Fig. 1: Suppression of malignant progression in colonic tumorigenesis by Cdx1 and Cdx2.

A qPCR data showing the relative expression (mean ± SD) of Cdx1, Cdx2, and Lgr5 in colonic tumor organoids derived from Apc^+/− mice (compared with those in normal epithelium). P-values were calculated using a Student′s t-test (A–C). Number (B) and size (C) of intestinal tumors in Apc^+/−, cis-Apc^+/−Cdx1^+/−, and Cdx2^+/−-cis-Apc^+/−Cdx1^+/− mice at 10–12 weeks of age (mean ± SD; n = 4–5, excluding dysplastic crypts).

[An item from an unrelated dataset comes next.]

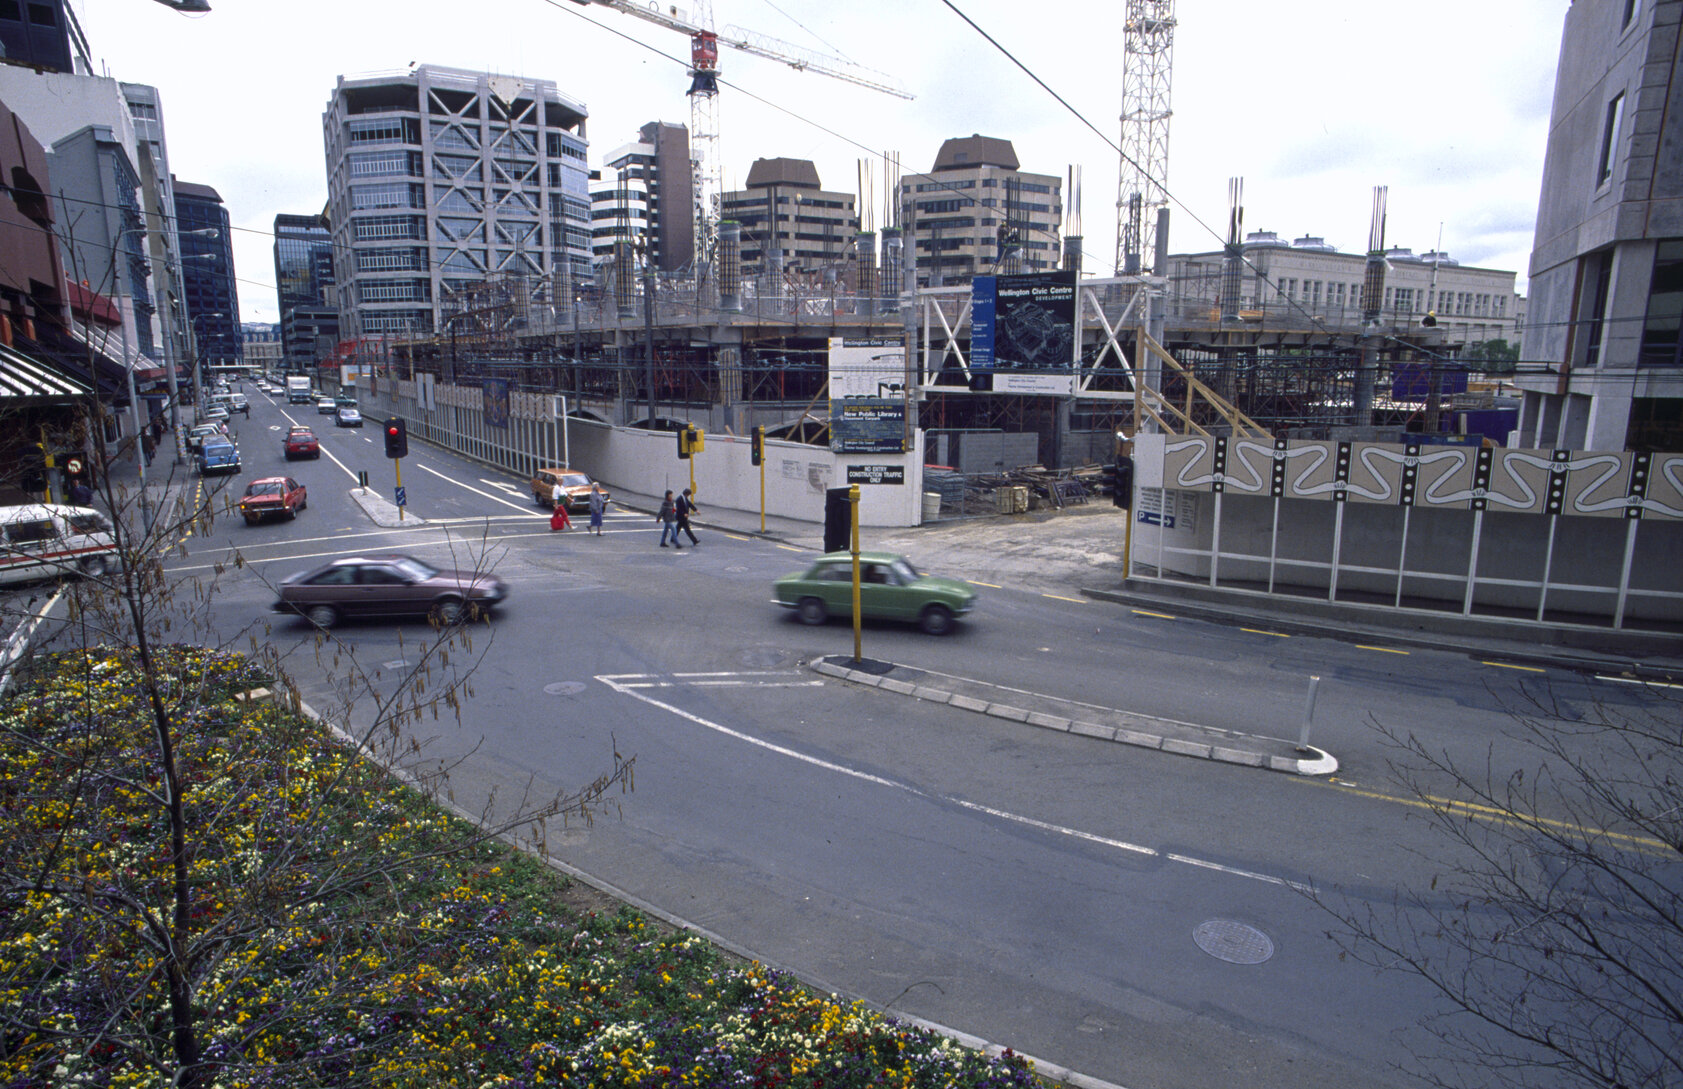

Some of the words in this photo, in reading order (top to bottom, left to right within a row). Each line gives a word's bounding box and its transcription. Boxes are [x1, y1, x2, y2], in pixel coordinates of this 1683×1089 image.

Hematoxylin and eosin (H&E)-stained small intestinal tumors in Apc^+/− (D) and cis-Apc^+/−Cdx1^+/− (E) mice. Green arrows indicate invasive tumor cells (E, G). Abbreviations in D–G: mm muscularis mucosa, mp muscularis propria, se serosa. Scale bars, 200 µm (D–G). H&E-stained colonic tumors from cis-Apc^+/−Cdx1^+/− (F) and Cdx2^+/−-cis-Apc^+/−Cdx1^+/− (G) mice.